Functional and structural lung evaluations are part of the follow-up of patients with primary ciliary dyskinesia (PCD). We aimed to evaluate transversal and longitudinal relationships between lung function tests (LFT) and chest computed tomography (CT) in children with PCD, in stable clinical condition.
Data from children followed in the French National Center were retrospectively collected. Inclusion criteria were (i) definitive diagnosis of PCD, (ii) age less than 15 years at the beginning of follow-up, (iii) at least 8 years of follow-up and (iv) at least 2 couples of concurrent CT and LFT performed in stable clinical condition. Twenty children (median age 4.6 years, median follow-up 15.4 years) were included. Concurrent LFT (blood gas and spirometry) and CT (score) results were recorded.

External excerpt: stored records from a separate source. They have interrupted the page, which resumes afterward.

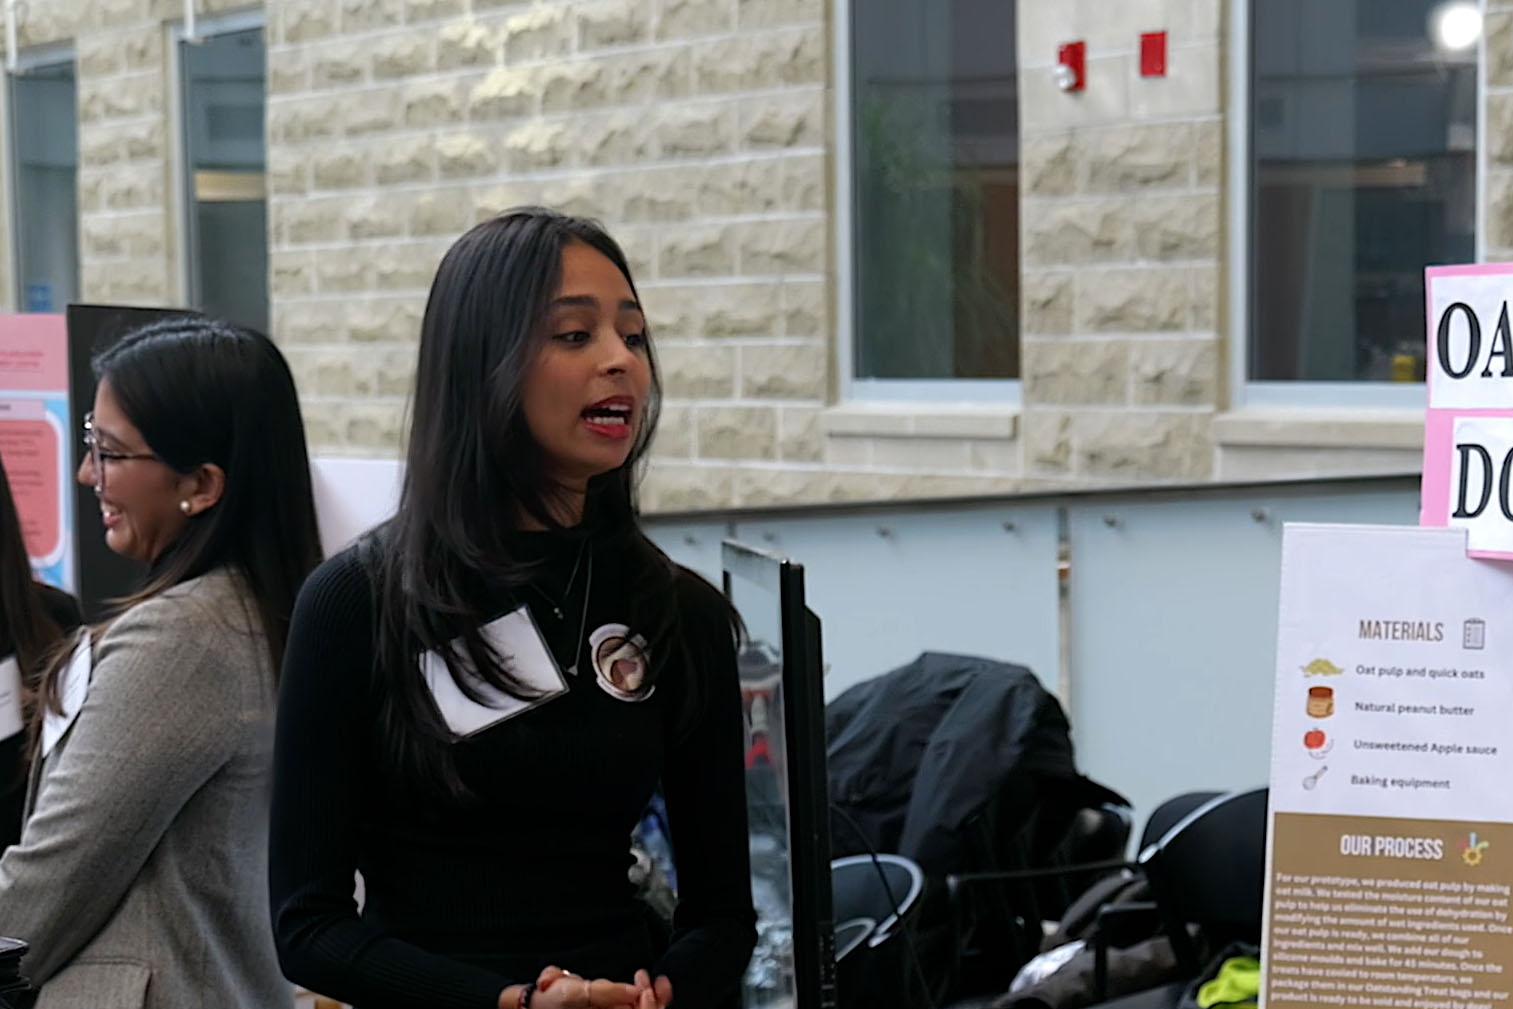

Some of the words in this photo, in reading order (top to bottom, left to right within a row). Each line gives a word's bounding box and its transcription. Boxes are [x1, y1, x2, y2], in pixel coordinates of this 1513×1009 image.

[1358, 618, 1443, 642] MATERIALS
[1355, 664, 1376, 675] Oat
[1377, 665, 1403, 678] pulp
[1405, 666, 1426, 677] and
[1428, 667, 1458, 679] quick
[1460, 669, 1485, 679] oats
[1354, 701, 1396, 713] Natural
[1397, 703, 1437, 716] peanut
[1438, 704, 1474, 716] butter
[1353, 739, 1428, 752] Unsweetened
[1430, 742, 1463, 755] Apple
[1465, 745, 1497, 755] sauce
[1350, 774, 1388, 788] Baking
[1390, 777, 1450, 790] equipment
[1339, 833, 1371, 856] OUR
[1374, 835, 1443, 860] PROCESS

LFT indices (PaO2 (n=210), FVC, FEV1, FEF2575% (n=195)) significantly decreased with age, and the mean annual decrease (z-score (% predicted)) was -0.17 (-0.49%), -0.09 (-0.50%), -0.10 (-0.89%), and -0.07 (-1.73%), respectively. First CT (median age 8.7 years) revealed bronchiectasis (70%), mucous plugging (70%), peribronchial thickening (90%), parenchymal abnormalities (65%) and hyperinflation (50%). CT-scores (n=74) significantly increased with age, and was negatively correlated to PaO2, FVC, FEV1 and FEF2575% longitudinal changes.

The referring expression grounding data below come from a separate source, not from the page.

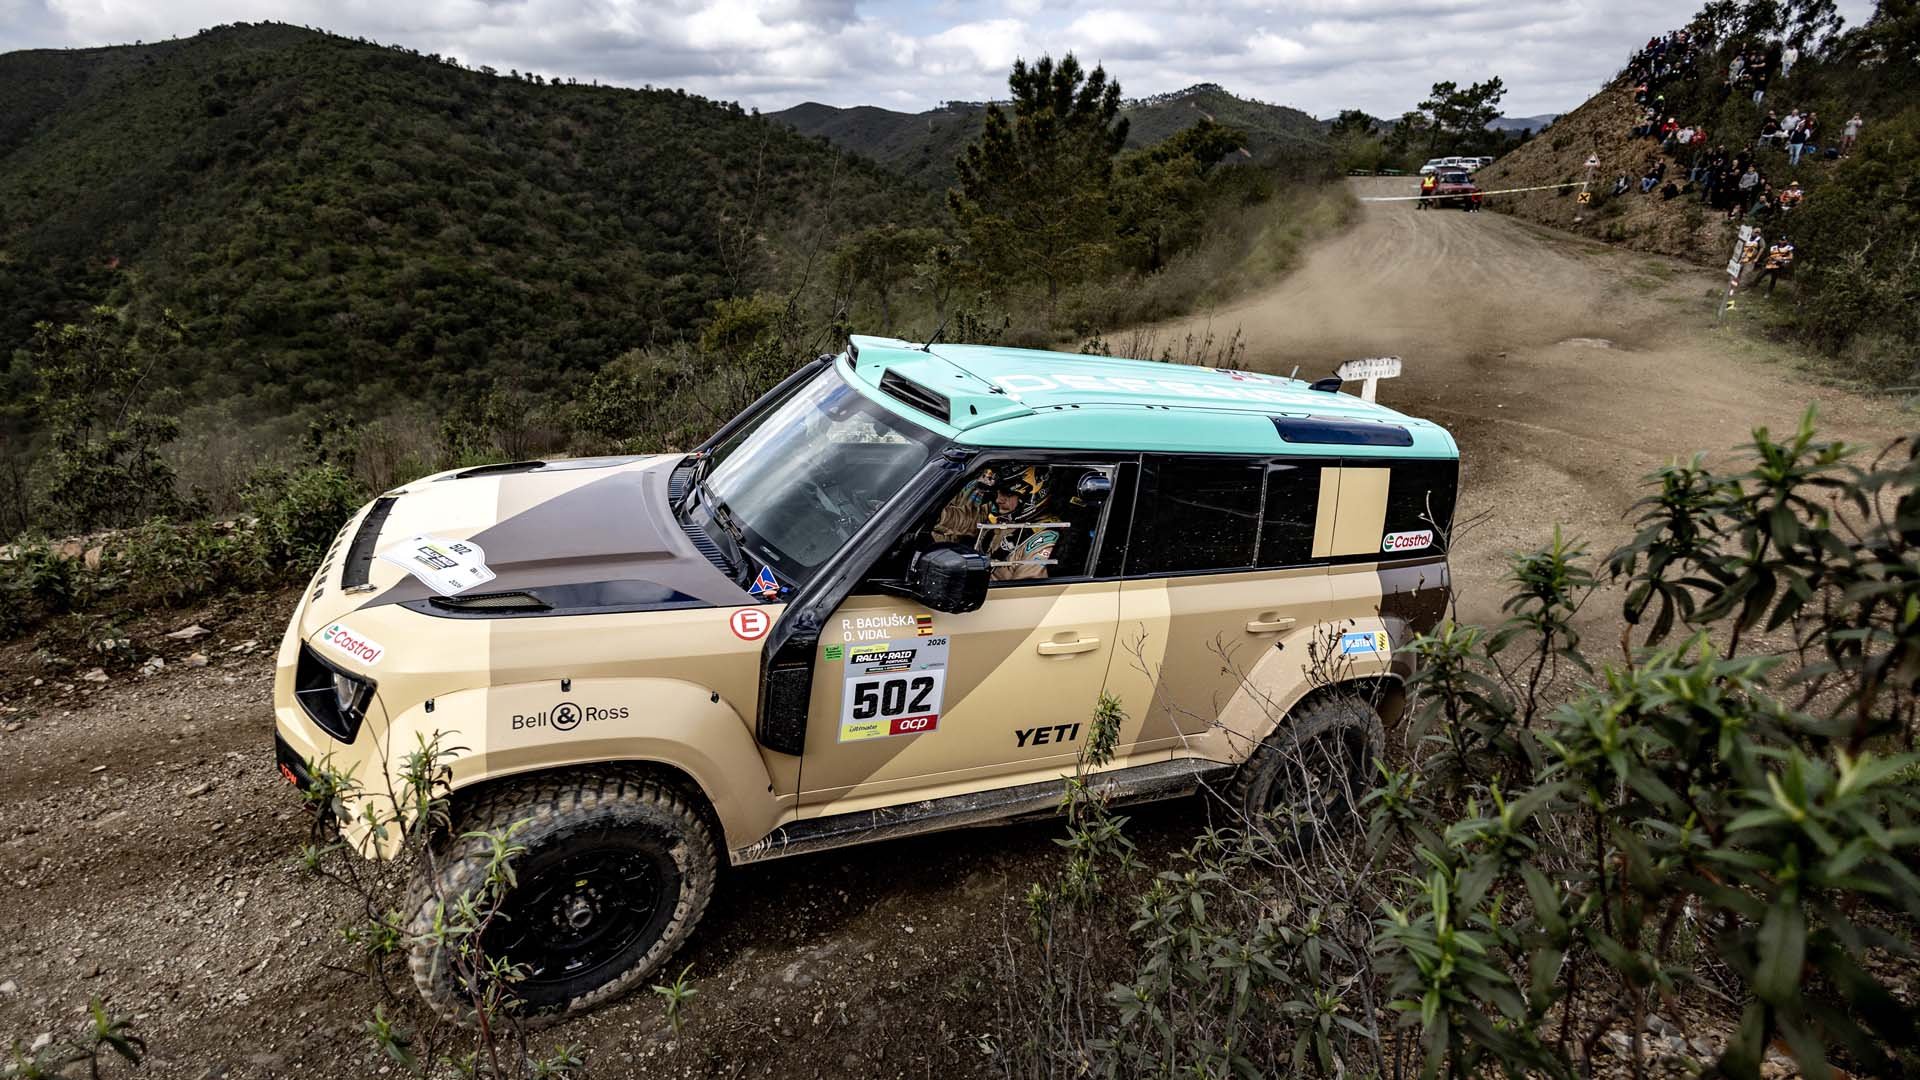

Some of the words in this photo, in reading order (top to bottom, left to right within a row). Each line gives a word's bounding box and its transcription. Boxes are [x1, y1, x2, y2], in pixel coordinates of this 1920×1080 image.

[1394, 533, 1431, 548] Castrol
[449, 543, 472, 555] 502
[740, 612, 760, 633] E
[842, 619, 854, 630] R.
[856, 613, 915, 629] BACIUŠKA
[843, 631, 855, 642] O.
[857, 629, 891, 641] VIDAL
[927, 638, 947, 647] 2026
[334, 631, 382, 663] Castrol
[855, 650, 912, 663] RALLY-RAID
[852, 676, 935, 720] 502
[512, 712, 547, 730] Bell
[586, 706, 629, 722] Ross
[900, 718, 928, 730] acp
[1015, 722, 1080, 748] YETI

In stable clinical condition, functional and structural progressive impairments significantly correlated in children with PCD. Further prospective studies, including large populations with various levels of disease severity, are needed to confirm whether LFT follow-up can be used to adjust CT frequency and help at minimizing the radiation burden in children with a good life expectancy.